Super Meat Boy Review

Team Meat’s 2D platformer sets the steaks high!

For those of you that have been living under a rock for the past decade, Super Meat Boy is a notoriously challenging yet superb platformer that helped kickstart the current indie game boom due to its appearance in Indie Game: The Movie.

Controlling the titular Meat Boy, you are tasked with rescuing Meat Boy’s girlfriend, Bandage Girl, from the evil Dr. Fetus. This sees you needing to traverse over 300 levels across multiple chapters – using some of the finest and tightest platforming controls to do so. Now, 300 levels may sound daunting but each one takes less than 30 seconds to complete once you’ve mastered the controls and figured out the optimal route.



Until you do that, however, you will probably die a lot trying! Super Meat Boy will test your ability to bounce around each stage in the fastest way possible, requiring the most precise movement and button presses. Luckily, the game is a dream to control and is extremely responsive – using a very simple scheme of analogue stick to move, A to jump and ZR to run. This allows you to put all your focus into the on-screen action as you attempt to clear each level in record time. Once you complete a level, you are presented with one of my favourite features – a replay of your run (or runs – depending on how often you failed) that shows you all of your attempts. There’s something a tad sadistic about watching the many Meat Boys die repeatedly while one makes it successfully to the end goal but it does further boost that feeling of achievement once you’ve cleared a particularly tricky level.

There are also online leaderboards for you to compare your clearance times with either your friend list or the world, and beating a stage below the par time will see you awarded with an A+ ranking that will open up the even harder version of said stage in the game’s infamous Dark World. Not only satisfied with giving you these extra difficult versions of the base levels, there are also Warp Zones dotted around levels that will whisk you off to mini-worlds inspired by other indie games and retro titles – giving you three lives to complete these with new characters available to use if you manage to do so.

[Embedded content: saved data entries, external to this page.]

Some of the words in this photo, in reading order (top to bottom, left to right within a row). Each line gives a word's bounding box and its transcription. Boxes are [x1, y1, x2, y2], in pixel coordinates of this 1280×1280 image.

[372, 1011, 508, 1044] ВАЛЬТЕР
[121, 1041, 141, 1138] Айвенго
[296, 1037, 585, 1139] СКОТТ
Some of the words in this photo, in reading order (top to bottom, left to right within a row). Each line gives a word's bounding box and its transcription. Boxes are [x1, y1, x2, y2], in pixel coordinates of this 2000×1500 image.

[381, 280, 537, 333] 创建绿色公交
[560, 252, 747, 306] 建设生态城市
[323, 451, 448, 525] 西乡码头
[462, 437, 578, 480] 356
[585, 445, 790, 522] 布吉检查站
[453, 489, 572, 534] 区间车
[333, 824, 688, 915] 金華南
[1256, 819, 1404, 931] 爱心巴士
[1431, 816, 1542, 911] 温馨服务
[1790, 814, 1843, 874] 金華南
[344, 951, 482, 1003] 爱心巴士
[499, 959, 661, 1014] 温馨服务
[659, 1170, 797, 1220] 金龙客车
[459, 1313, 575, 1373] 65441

If you thought Super Meat Boy couldn’t get any better, one awesome new addition in the Nintendo Switch version is “Race Mode”. You and a friend can take a JoyCon each and race head to head through either a single chapter or a bunch of random levels. This makes for a lot of fun and, equally, a lot of cursing and laughter as you take each other on.

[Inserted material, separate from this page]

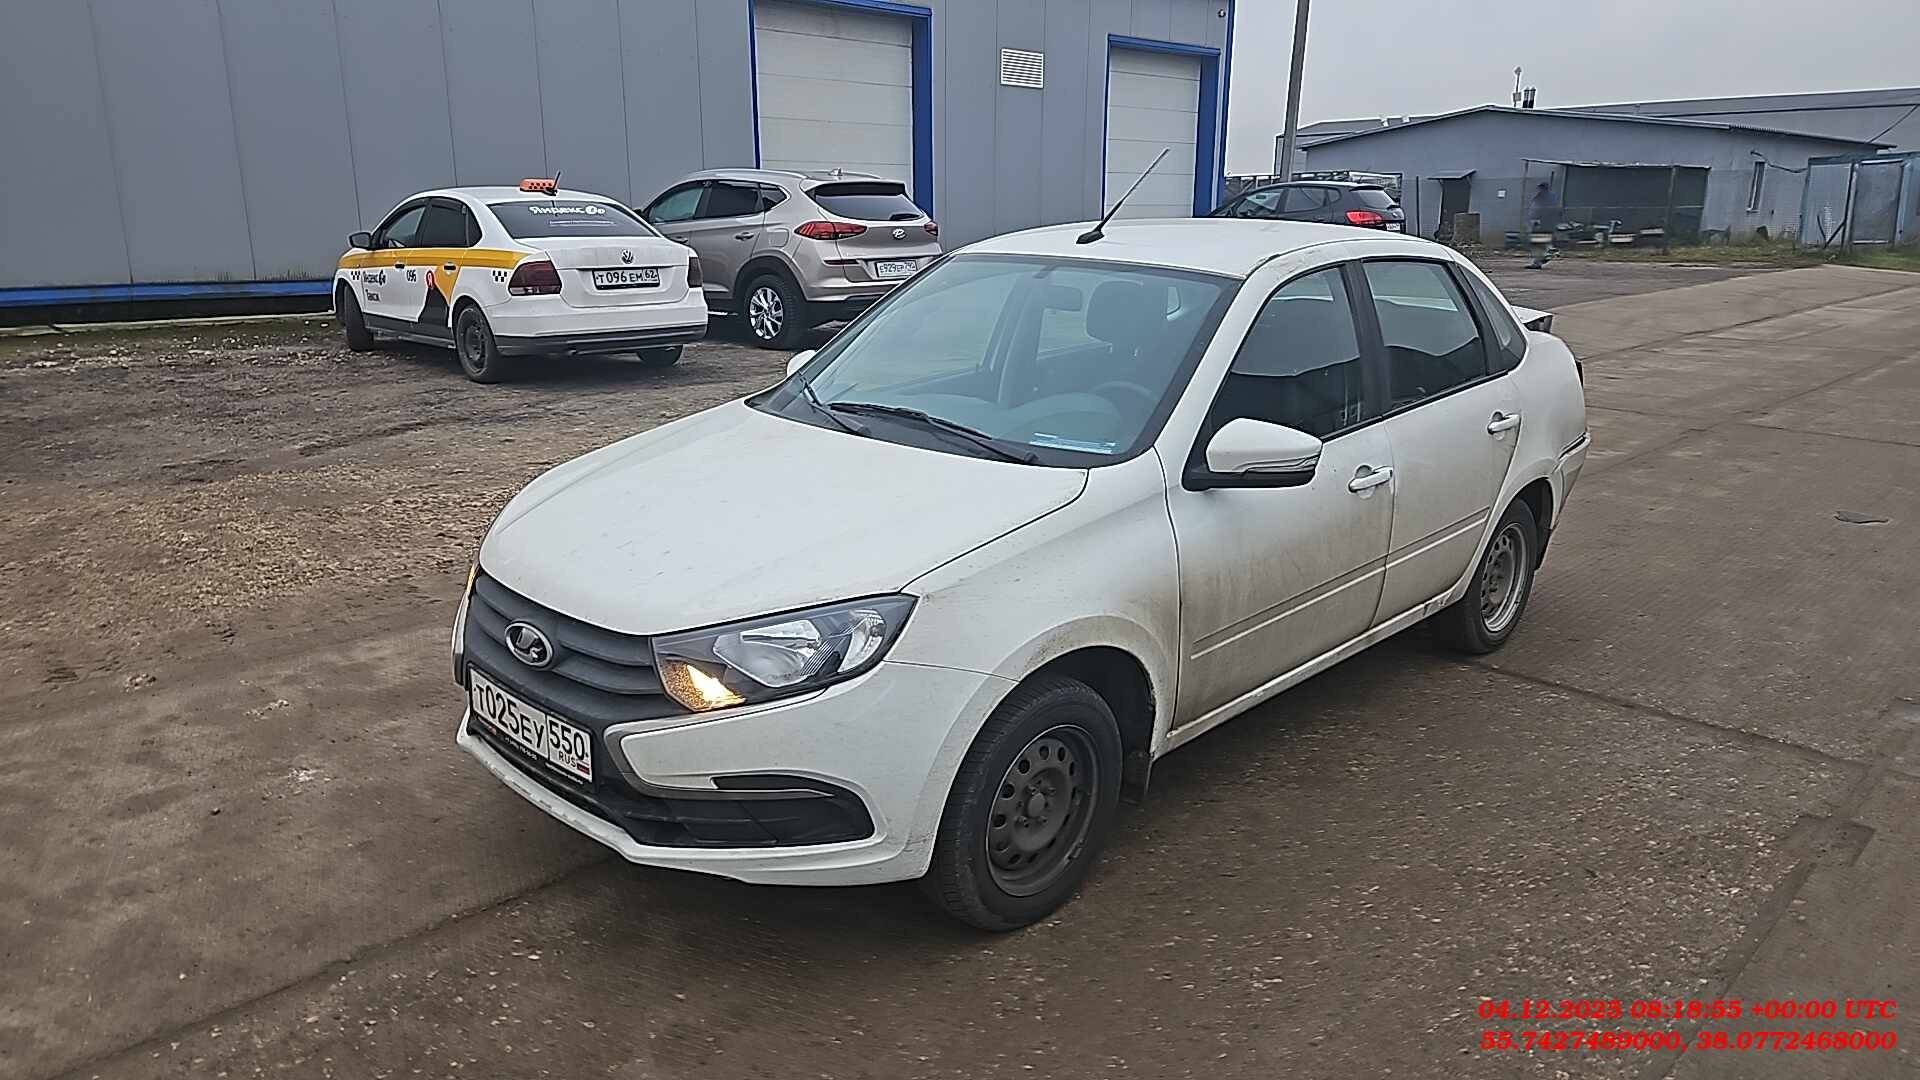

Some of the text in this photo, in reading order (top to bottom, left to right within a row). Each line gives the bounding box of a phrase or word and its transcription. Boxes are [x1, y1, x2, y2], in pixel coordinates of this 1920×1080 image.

[645, 269, 655, 279] 62
[549, 719, 585, 761] 550
[558, 750, 577, 768] RUS

There’s a reason that Super Meat Boy is often heralded as one of the best 2D platformers of recent times and, with the addition of Race Mode, the Nintendo Switch version is arguably the best version yet of the game. With all of its charm still intact, and the controls still superb, this challenging but fair game is as awesome as ever. Sure, the soundtrack isn’t as good as the original but it is still full of banging rock tunes and the multiplayer is fantastic fun – making Team Meat’s game worth buying all over again!

4.5

Summary

One of the best 2D platformers of the last decade, Super Meat Boy lands on the Nintendo Switch and delivers, arguably, the best version of Team Meat’s game yet. The Race Mode is a fantastic addition provides a riotous multiplayer experience to what was already a superb package. If you’re a fan of challenging platformers and have never played Super Meat Boy before, this is essential. If you’ve already played it, it’s still as awesome as ever – with the added bonus of Race Mode.

2 thoughts on “Super Meat Boy Review”

  1. This is such a good game and I want it on Switch but I just can’t justify the price when I got it for free on PSN. I know that might sound cheap, and I have double dipped on a few games (Thumped, Starred Valley, Dreamworld Heist) but I will wait for a sale.

    1. I wouldn’t blame you. The game is brilliant, but if you’ve played it on PSN you know what to expect!

      Race Mode is worth playing with friends/family, but if you’re in no rush then a sale pickup is a sensible bet!